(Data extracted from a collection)
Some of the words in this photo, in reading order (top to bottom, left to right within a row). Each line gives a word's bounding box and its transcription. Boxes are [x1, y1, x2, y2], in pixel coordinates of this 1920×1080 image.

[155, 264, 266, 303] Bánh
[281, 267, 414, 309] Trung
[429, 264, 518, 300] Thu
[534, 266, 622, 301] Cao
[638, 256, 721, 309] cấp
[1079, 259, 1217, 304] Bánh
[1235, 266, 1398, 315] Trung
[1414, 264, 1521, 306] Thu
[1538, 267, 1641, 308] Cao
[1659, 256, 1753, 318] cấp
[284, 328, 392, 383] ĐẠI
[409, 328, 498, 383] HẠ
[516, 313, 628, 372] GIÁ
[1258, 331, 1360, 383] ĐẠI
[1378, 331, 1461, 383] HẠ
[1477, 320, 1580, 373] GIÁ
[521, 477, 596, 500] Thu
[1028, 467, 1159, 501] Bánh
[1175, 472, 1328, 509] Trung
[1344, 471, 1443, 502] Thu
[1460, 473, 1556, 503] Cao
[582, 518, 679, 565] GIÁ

§ **What the task asks**:
Return all the lines shown above, precisely as they stand.

§ **Solution to this problem**:
Some of the words in this photo, in reading order (top to bottom, left to right within a row). Each line gives a word's bounding box and its transcription. Boxes are [x1, y1, x2, y2], in pixel coordinates of this 1920×1080 image.

[155, 264, 266, 303] Bánh
[281, 267, 414, 309] Trung
[429, 264, 518, 300] Thu
[534, 266, 622, 301] Cao
[638, 256, 721, 309] cấp
[1079, 259, 1217, 304] Bánh
[1235, 266, 1398, 315] Trung
[1414, 264, 1521, 306] Thu
[1538, 267, 1641, 308] Cao
[1659, 256, 1753, 318] cấp
[284, 328, 392, 383] ĐẠI
[409, 328, 498, 383] HẠ
[516, 313, 628, 372] GIÁ
[1258, 331, 1360, 383] ĐẠI
[1378, 331, 1461, 383] HẠ
[1477, 320, 1580, 373] GIÁ
[521, 477, 596, 500] Thu
[1028, 467, 1159, 501] Bánh
[1175, 472, 1328, 509] Trung
[1344, 471, 1443, 502] Thu
[1460, 473, 1556, 503] Cao
[582, 518, 679, 565] GIÁ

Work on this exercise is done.